In the defensive zone, Pacioretty’s biggest even strength contribution is in controlled zone exits, where he’s behind only Brendan Gallagher on the team. It is no surprise that he and Gallagher are the two biggest drivers of shot attempt differentials on the Canadiens.
While shorthanded, Pacioretty stands out defensively in both his ability to win the puck away from opponents, and recover those loose pucks in the defensive zone, starting transition going the other way and putting almost as many scoring chances on net per minute as he does at even strength, which is sort of crazy.
In contrast to his versatile toolbox of strengths, all of Pacioretty’s weaknesses come in the same area: puck management. When Pacioretty is on his game he almost exclusively makes short passes, and he’s decent at that, but when he’s pushing to make things happen he tries a little bit too hard to be a playmaker, and he just isn’t that type of player.
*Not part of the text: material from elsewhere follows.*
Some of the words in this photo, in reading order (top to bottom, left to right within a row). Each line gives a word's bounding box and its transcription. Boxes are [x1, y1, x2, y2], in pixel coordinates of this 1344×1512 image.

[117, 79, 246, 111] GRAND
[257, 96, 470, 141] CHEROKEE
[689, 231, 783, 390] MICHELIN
This season Pacioretty has been below 50 per cent in completing his passes in the offensive zone, a career low, and part of that is due to lack of confidence when goals weren’t going in. As he felt his shot wasn’t going to work, he tried to make more passes, and it just hasn’t worked.
In every area of the ice, Pacioretty’s passing game is below average, but one thing to remember is it’s partly due to having to take on some of the extra play-driving responsibilities that centres usually take care of. Jonathan Drouin and Phillip Danault are good players, but neither are top-end centres capable of dealing with opposing teams’ top checkers. Pacioretty is often forced to make plays when most wingers are free of the puck and skating to open areas, which exacerbates a weakness in his game.
Surprisingly, despite all those failed passes, the only area where Pacioretty is a direct turnover risk is in the offensive zone, which is where forwards commit most of their turnovers, especially skilled ones. This isn’t a huge deal, but it is a weakness in his game.
Overall, Pacioretty’s profiles as a player who would benefit more than most from coming into a team where he has to do less. Keeping things simple and focusing on goal scoring could easily get him back into the 40-goal range, and that could be more than enough to turn a good team into a contender, or turn a contending team into Stanley Cup favourite.
Players this good simply don’t become available.